皮もむかず、煮る前のソテーすらしていない。鍋に水とバターとかぶを入れて煮込むだけ! 簡単すぎる。いいのか?

 

 この日はメインのブイヤベース作りで疲れはて、かぶペーストに牛乳とヨーグルトを加える元気がなく、今日はこのままでいいや、と食してみたら、あれ?おいしい。物足りなさなんて皆無。ややえぐみがなくはないけど、でもいつもの半分以下の手間で、同じくらい美味しい! なあんだ。

 …と思って翌日、レシピ通り牛乳とヨーグルトを加えた。

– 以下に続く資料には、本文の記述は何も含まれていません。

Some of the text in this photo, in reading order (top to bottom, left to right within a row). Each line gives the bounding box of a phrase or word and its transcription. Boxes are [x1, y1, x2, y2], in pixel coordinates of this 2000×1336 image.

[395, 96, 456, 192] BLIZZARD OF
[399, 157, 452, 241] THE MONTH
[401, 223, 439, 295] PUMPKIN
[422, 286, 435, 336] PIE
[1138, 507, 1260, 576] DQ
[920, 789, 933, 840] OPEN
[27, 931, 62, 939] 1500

ヨーグルトねえ…と思いながら。谷さんは「牛乳とヨーグルトでかぶのくせをやわらげます」と言っている。

 で、食べた。

 !!

 うっまい! 

 本当に、昨日のかぶだけのスープから癖やえぐみがぬけて、見事に垢抜けたおいしさに昇華されている!

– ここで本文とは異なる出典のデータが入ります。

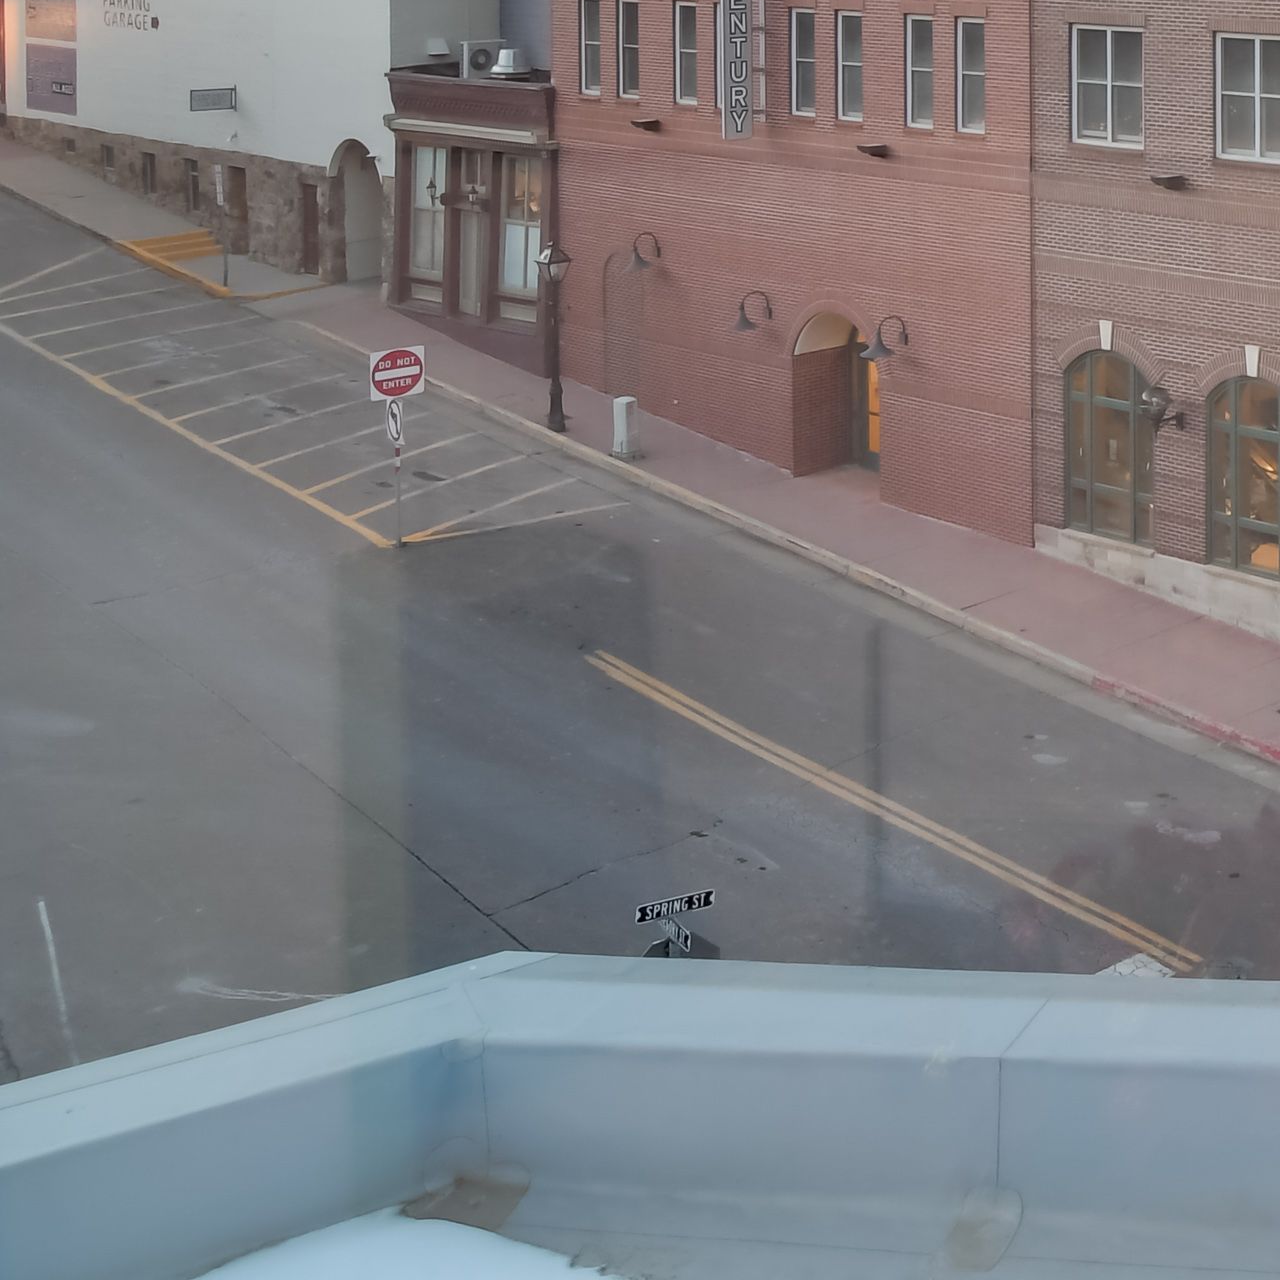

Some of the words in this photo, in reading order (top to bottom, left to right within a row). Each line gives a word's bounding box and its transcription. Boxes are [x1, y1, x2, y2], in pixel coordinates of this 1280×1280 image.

[104, 11, 148, 31] GARAGE
[378, 360, 391, 369] DO
[397, 356, 415, 366] NOT
[383, 378, 412, 389] ENTER
[645, 898, 688, 920] SPRING
[692, 893, 706, 909] ST

 感動。これはすごい。長年、コンソメは入れるべきか否か、玉ねぎなのか長ネギなのか、やはりポロネギなのか?などと悩んでいたのは、完全に無駄だったのだ。

なにもしなくてこんなにおいしいなんて。そして、おいしいオリーブオイルと胡椒をふると、美味しさが倍増する。昔のやりかたで作っていたときは、オイルなんて見た目だけのものだよね?となんのありがたみも感じていなかったのだけど、このかぶスープにたらすと、しみじみとおいしくて、その必要性がくっきりと。もちろん胡椒も、大事な引きたて役だ。どれもちゃんと意味がある。

 

その後、本を熟読してみると、「野菜の繊細なおいしさを水とバターで煮出して、ピュレにして、そのままポタージュに仕立て」るのが、谷さんが作るポタージュの定番なのだとか。「生クリームや牛乳、ブイヨンの風味は抑え気味にして、野菜それぞれのおいしさをストレートに発揮させるようにしてい」と書いてある。

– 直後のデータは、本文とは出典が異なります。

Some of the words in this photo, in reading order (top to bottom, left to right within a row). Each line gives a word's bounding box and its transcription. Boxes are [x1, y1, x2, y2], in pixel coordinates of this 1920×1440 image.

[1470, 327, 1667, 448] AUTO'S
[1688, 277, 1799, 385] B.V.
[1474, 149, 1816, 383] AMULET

 だから、かぼちゃも+牛乳のみ。カリフラワーは+牛乳+臭みとりのためにコリアンダーを2粒! ブロッコリーにいたっては牛乳すら加えず。逆にコーンには玉ねぎを加え、きのこは+ブイヨン+牛乳…。と、素材によって臨機応変に材料を変えている。なるほど……。なによりも簡単だけど、同時に、なによりも繊細に考えらえたレシピなんである。

 

 谷さんといえば、ご自身のレストランの屋根裏で寝起きしていたシェフだ、たしか。家もあるし家族もいるけれど、仕事に集中するために店のすぐ上で寝ているんだったかと思う。お弟子さんもたくさんいるけど、毎日店のトイレを自らぴかぴかにしていた。便器を抱えるようにして、はいつくばって磨いていた姿、料理チャンネルの「フーディーズTV」のドキュメンタリー番組で拝見したのが忘れられない。そして、油で汚れたダスターかなにかを、ハイターにつけていたお弟子さんを怒鳴りつけていた。「油汚れは塩素じゃ落ちないんだよ!」。何年も前に観た番組だけど、これ、よく覚えている。あー、そうかも、なるほど…と思ったのと、あと、とにかくすごく怖かったので。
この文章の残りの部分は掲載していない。